Set down each entry exactly; omit images.

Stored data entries
=== Section Start ===
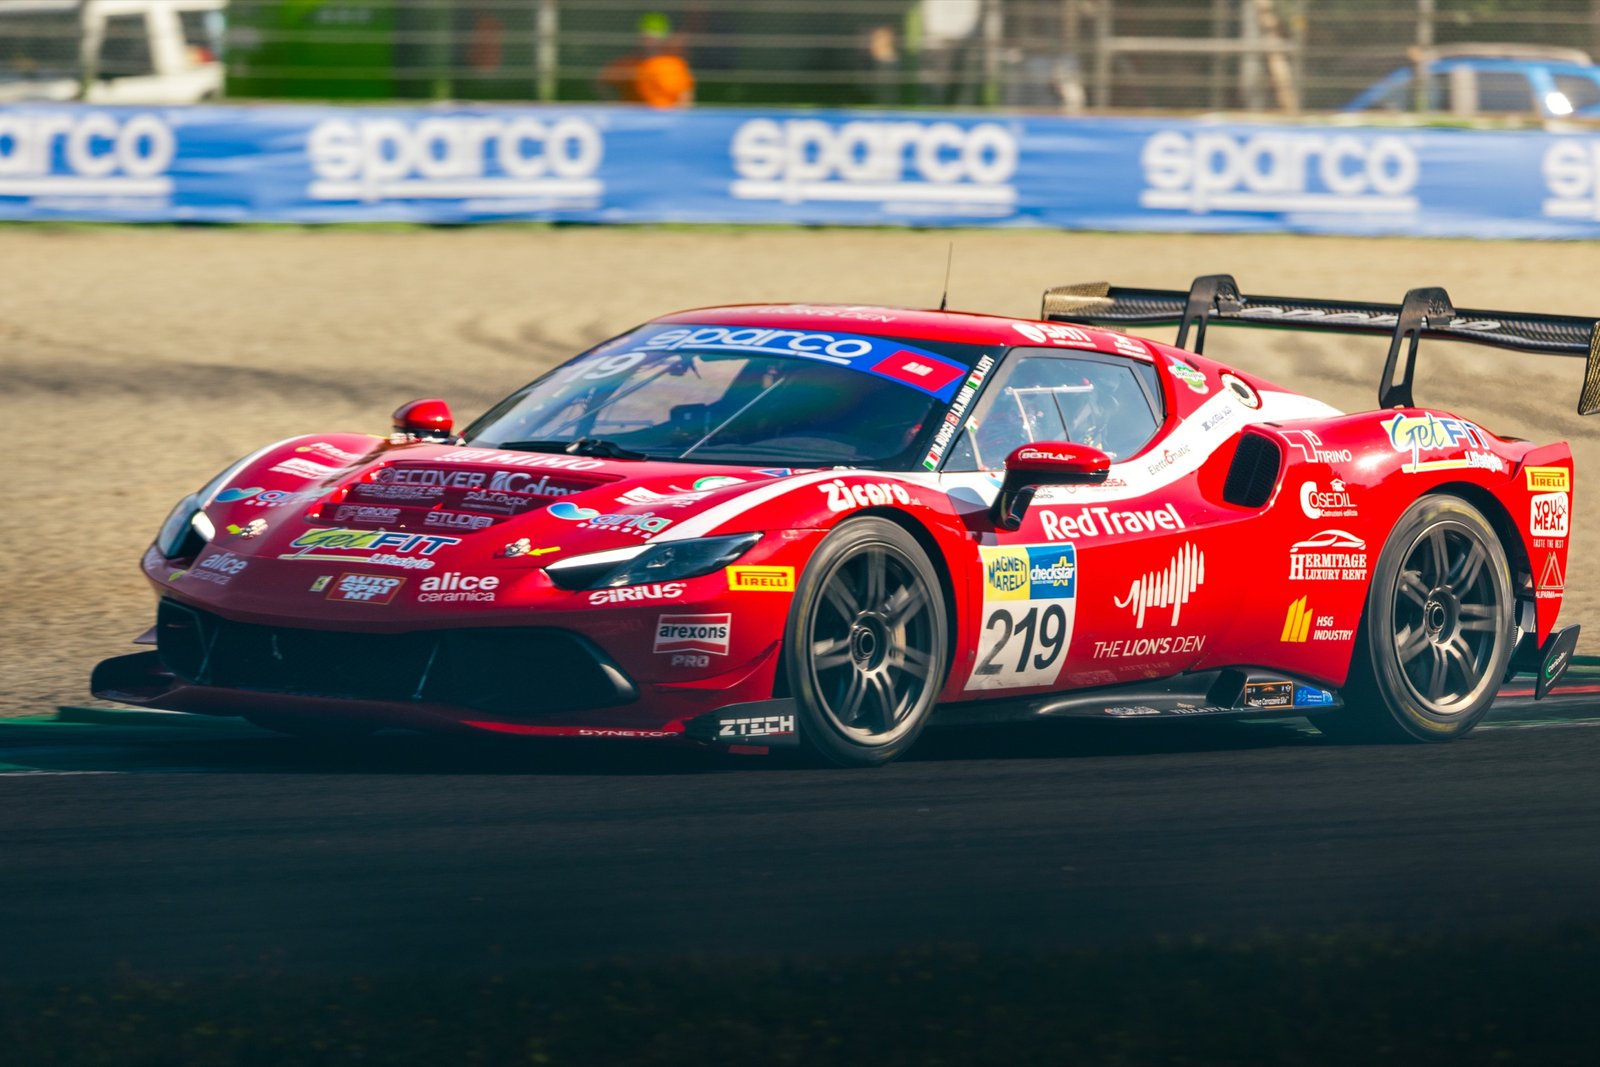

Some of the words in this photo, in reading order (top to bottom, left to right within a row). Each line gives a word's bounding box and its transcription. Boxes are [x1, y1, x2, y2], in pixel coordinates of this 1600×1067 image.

[309, 117, 602, 200] sparco
[731, 118, 1018, 203] sparco
[1142, 130, 1419, 212] sparco
[646, 327, 872, 358] sparco
[1530, 472, 1566, 487] PIRELLI
[1031, 564, 1075, 581] checkstar
[1288, 554, 1367, 580] HERMITAGE
[1305, 569, 1341, 580] LUXURY
[1342, 569, 1367, 580] RENT
[340, 575, 401, 587] AUTO
[419, 572, 500, 591] alice
[735, 571, 788, 587] PIRELLI
[417, 589, 496, 602] ceramica
[1316, 616, 1334, 627] HSG
[659, 625, 727, 639] arexons
[974, 604, 1066, 675] 219
[1313, 629, 1353, 640] INDUSTRY
[1093, 640, 1123, 659] THE
[1122, 637, 1172, 656] LION'S
[1171, 635, 1206, 653] DEN
[671, 655, 710, 667] PRO
[719, 715, 794, 736] ZTECH
=== Section End ===
Task result:
Some of the words in this photo, in reading order (top to bottom, left to right within a row). Each line gives a word's bounding box and its transcription. Boxes are [x1, y1, x2, y2], in pixel coordinates of this 1600×1067 image.

[309, 117, 602, 200] sparco
[731, 118, 1018, 203] sparco
[1142, 130, 1419, 212] sparco
[646, 327, 872, 358] sparco
[1530, 472, 1566, 487] PIRELLI
[1031, 564, 1075, 581] checkstar
[1288, 554, 1367, 580] HERMITAGE
[1305, 569, 1341, 580] LUXURY
[1342, 569, 1367, 580] RENT
[340, 575, 401, 587] AUTO
[419, 572, 500, 591] alice
[735, 571, 788, 587] PIRELLI
[417, 589, 496, 602] ceramica
[1316, 616, 1334, 627] HSG
[659, 625, 727, 639] arexons
[974, 604, 1066, 675] 219
[1313, 629, 1353, 640] INDUSTRY
[1093, 640, 1123, 659] THE
[1122, 637, 1172, 656] LION'S
[1171, 635, 1206, 653] DEN
[671, 655, 710, 667] PRO
[719, 715, 794, 736] ZTECH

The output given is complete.